Hoje percebe que cada um tem sua vida própria. E cada um tem uma opinião e uma mágoa para reclamar do que deu ou não para fazer. Vivendo dentro da mesma família. Desacertos entre certos e errados. Pai pra cá, pai pra lá. Pai isso, pai aquilo. Porquês! Cobranças.
Para tudo! Vocês estão criadas. Tem vida própria. Chega!
Uma aflição, vontade de fugir para qualquer parte do mundo.
Às vezes a filha mais velha ia no quarto, conversavam com o trivial, era a única que lhe dava mais atenção. Os netos mais novos às vezes eram malcriados e lhe faziam caretas pelas costas. Era um velho ranzinza e chato. Assim sua mãe lhe ensinara a ser. Um velho macambúzio e sem alegria, que se perdeu no tempo do passado. Quando criança educada era criança calada.
Outras vezes a neta mais nova o deixava falando sozinho. Mas o neto! Esse sim era um menino diferente e esperto. Conversavam muito quando ele o levava na escola. Adorava conversar com o menino, adorava escutar as conversas dele, os sonhos que tinha na sua cabeça juvenil.
Ele, porém, nunca teve um pai ou um avô para conversar. Desde os sete anos ia sozinho para o grupo escolar.
Pior foi o abandono do pai quando os netos ainda eram pequeninos. Ele se incumbiu de cria-los e aguentar o rojão com o resto da família. Passeava com os pequenos, levava-os na escola, na praia. Às vezes chorava quando comentavam a falta do pai. Teve uma boa infância, pobre, porém o pai como um arrimo. Prometeu ao Senhor do Mundo cuidar das crianças e mesmo que morresse, pediu que deixasse seu espírito aqui, até os pequenos terem vida própria. Assim poderia olhar por eles.

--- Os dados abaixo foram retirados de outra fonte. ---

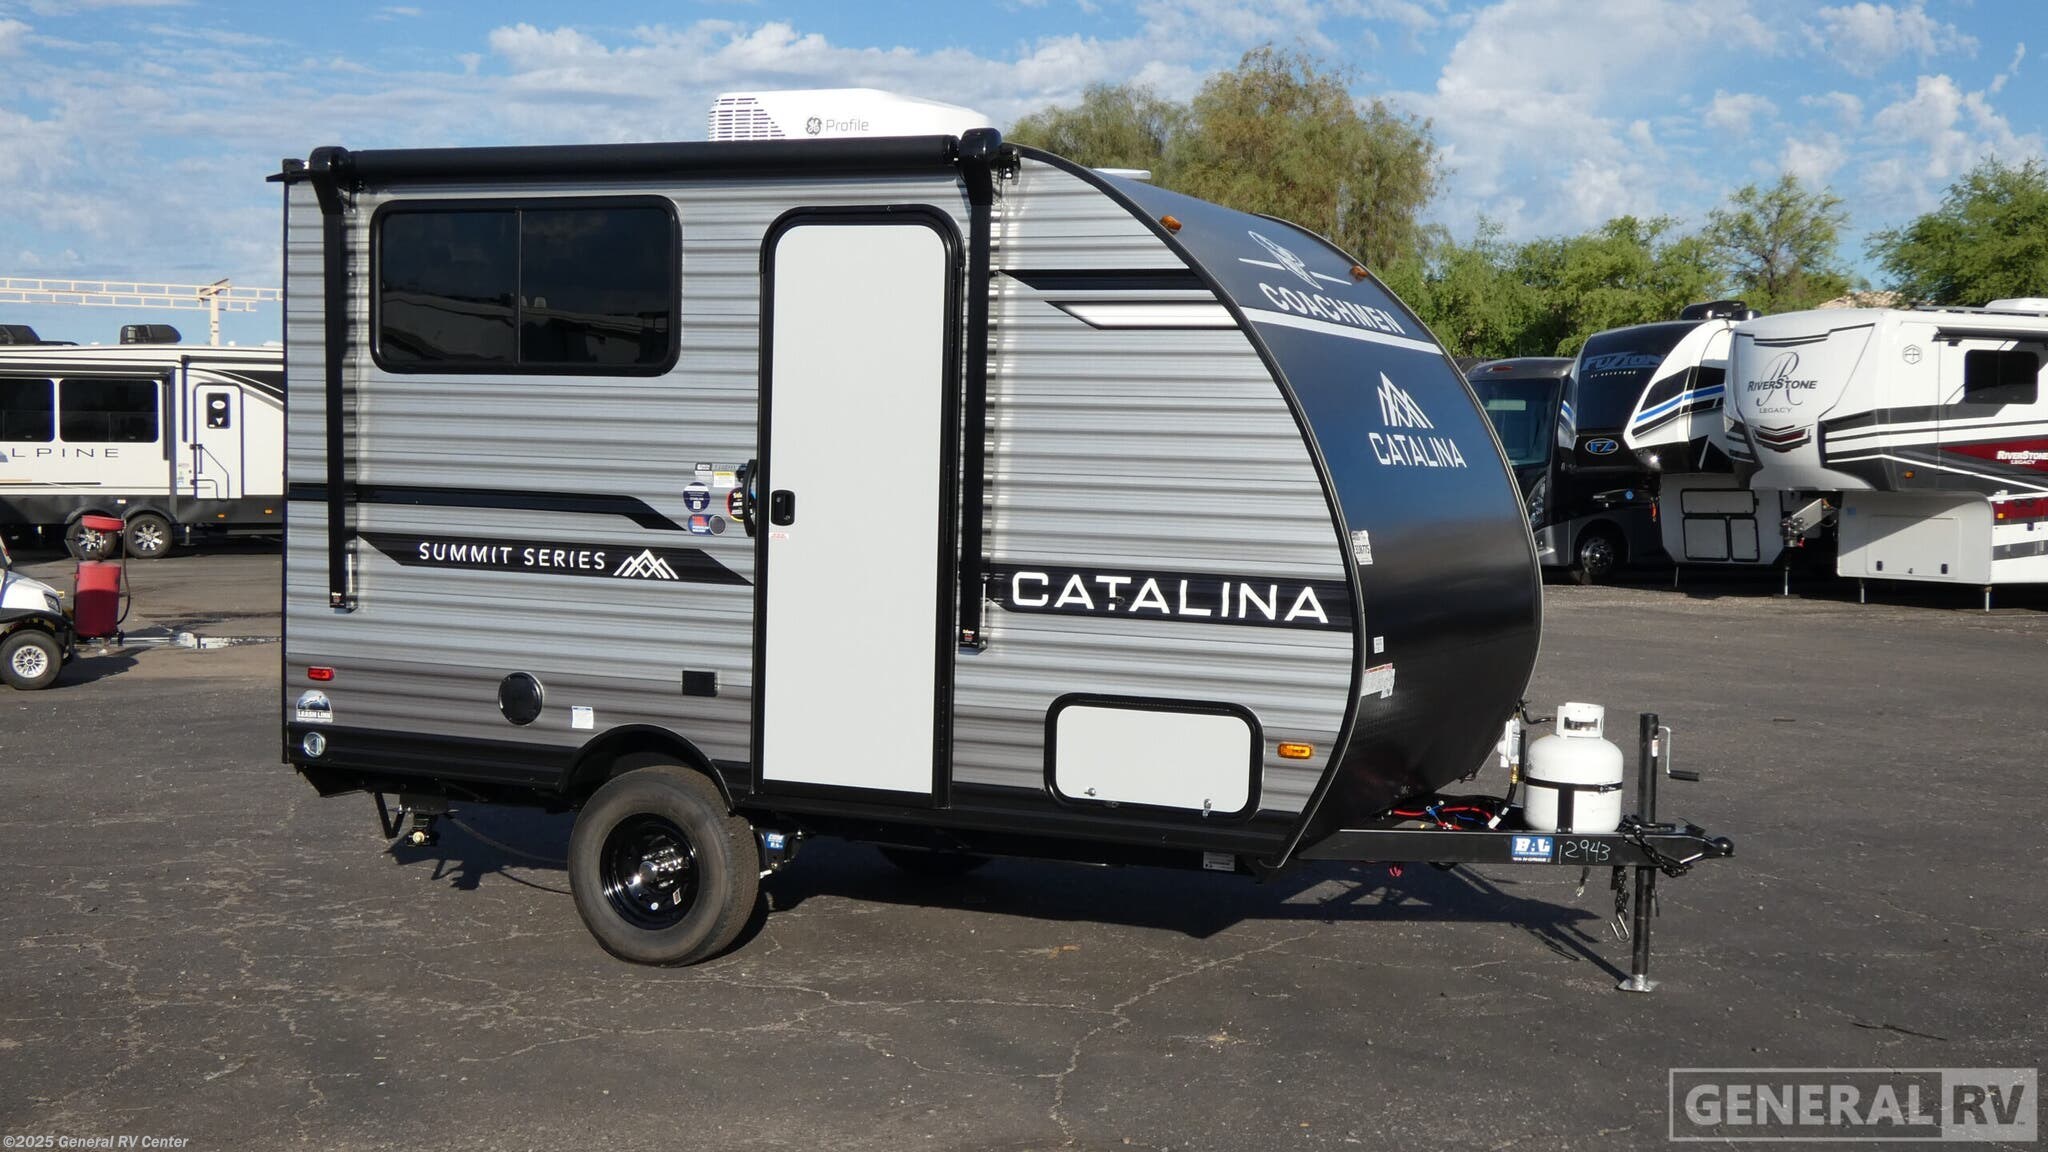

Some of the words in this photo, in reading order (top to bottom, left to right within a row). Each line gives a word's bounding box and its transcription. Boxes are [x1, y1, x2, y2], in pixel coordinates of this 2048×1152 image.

[826, 118, 869, 131] Profile
[1259, 282, 1406, 335] COACHMEN
[1368, 432, 1467, 468] CATALINA
[419, 542, 512, 564] SUMMIT
[523, 548, 606, 570] SERIES
[1012, 571, 1329, 624] CATALINA
[1559, 840, 1611, 864] 12943

O neto assim como a neta só tinha atenção para com ele na hora de ir e vir para escola. Em contrário o celular falava mais alto. E o menino fazia do celular o avô, o pai que faltava, a mãe que não dava atenção. Não era esse o menino diferente e esperto que ele gostaria que fosse.

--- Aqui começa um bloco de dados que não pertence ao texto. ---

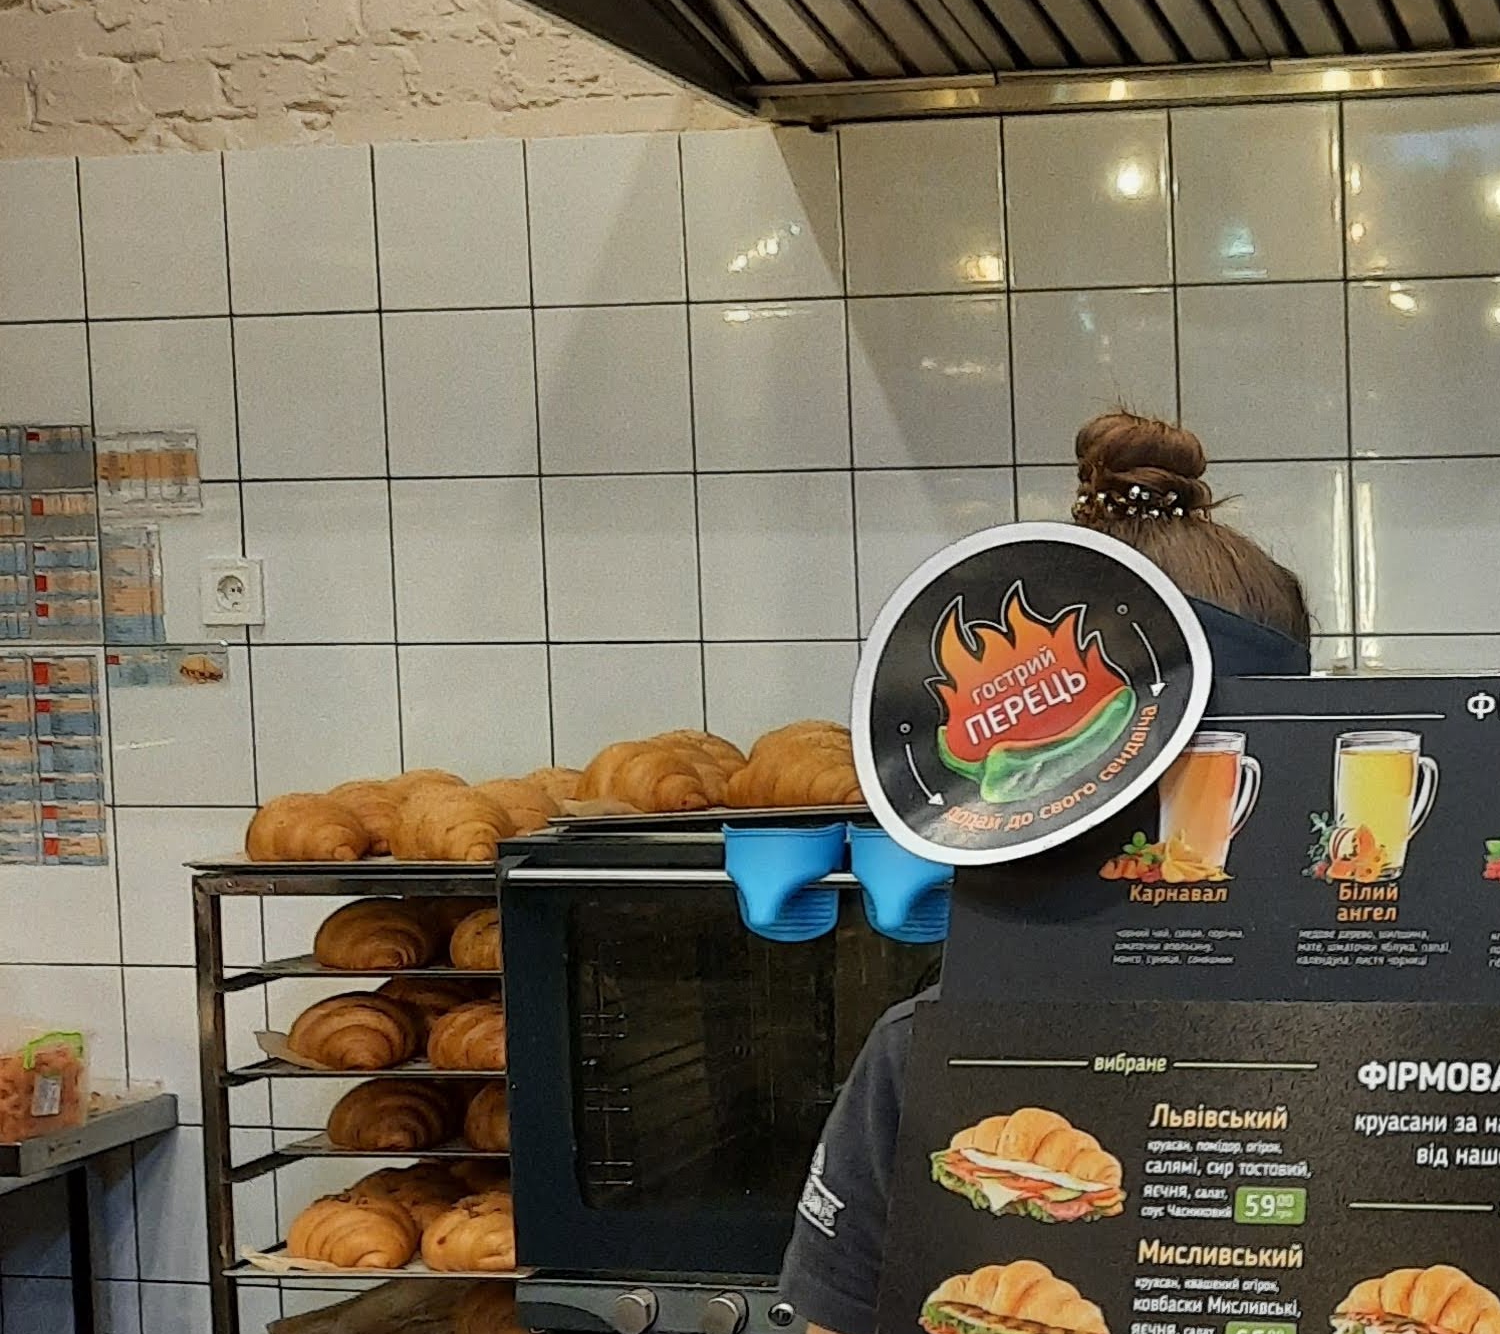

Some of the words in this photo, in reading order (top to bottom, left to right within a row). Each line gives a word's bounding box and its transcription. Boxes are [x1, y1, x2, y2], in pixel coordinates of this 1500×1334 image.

[970, 645, 1057, 707] гострий
[963, 668, 1087, 746] ПЕРЕЦЬ
[1008, 812, 1034, 831] до
[1039, 782, 1097, 820] свого
[1099, 703, 1158, 782] сендвіча
[1129, 884, 1228, 906] Карнавал
[1337, 881, 1399, 904] Білий
[1336, 902, 1397, 925] ангел
[1094, 1055, 1167, 1073] вибране
[1150, 1103, 1287, 1130] Львівський
[1354, 1113, 1447, 1135] круасани
[1454, 1117, 1477, 1133] за
[1145, 1158, 1202, 1177] салямі,
[1207, 1160, 1234, 1178] сир
[1240, 1160, 1312, 1178] тостовий,
[1416, 1146, 1448, 1167] від
[1138, 1238, 1303, 1268] Мисливський
[1133, 1296, 1202, 1313] ковбаски
[1207, 1297, 1302, 1316] Мисливські,

Os ventos não deixavam de soprar entre o tempo e a vida. Era como uma voz falando ao seu coração. Um grito de amor chamado liberdade.
A despedida foi como o lamentoso apito de um trem partindo. Teve a impressão de ter visto a morte trazendo nas mãos, um trapo roto e velho em aceno. Poderosa era a voz do vento que em dueto com a voz do mar entravam janela adentro do ônibus, lambendo seu rosto e esvoaçando seus parcos cabelos. O caminho do destino estava traçado.
O cheiro de novas terras entrando pelo nariz. O cheiro da terra com flores, com mato. O cheiro do asfalto quente a zumbir com os pneus dos carros girando. Gente pelas soleiras das portas a espiar. Ruas de terra e cachorros magros passeando pelos caminhos. Lembravam-lhe a infância em correria com os pés no chão. Cantos e recantos pobres e felizes. Líricos e bucólicos onde a poesia, da rima é beleza diante da miséria. Eram essas as lembranças dos rascunhos do seu livro de encantos. Era com essa lembrança de ter sido um menino pobre e feliz. Com o contraste da vida dos netos.
Partiu velho e enferrujado, tão triste como perder uma paixão. Tão triste como abandonar e deixar no abandono a quem ficava. Por isso a noite os fantasmas lhe chicoteiam no sono, nos sonhos, da vida.
Vida que enruga sua pele curtida de dores do passado.
.
A felicidade lhe embala de amor com sua namorada, os sonhos de editar os livros, cada dia afloram mais. Um já foi editado. Os mais de cem contos e crônicas andam pela internet da vida em blogs a fazer sucesso. Porém, as lembranças e os bons momentos do passado continuam seus principais inimigos.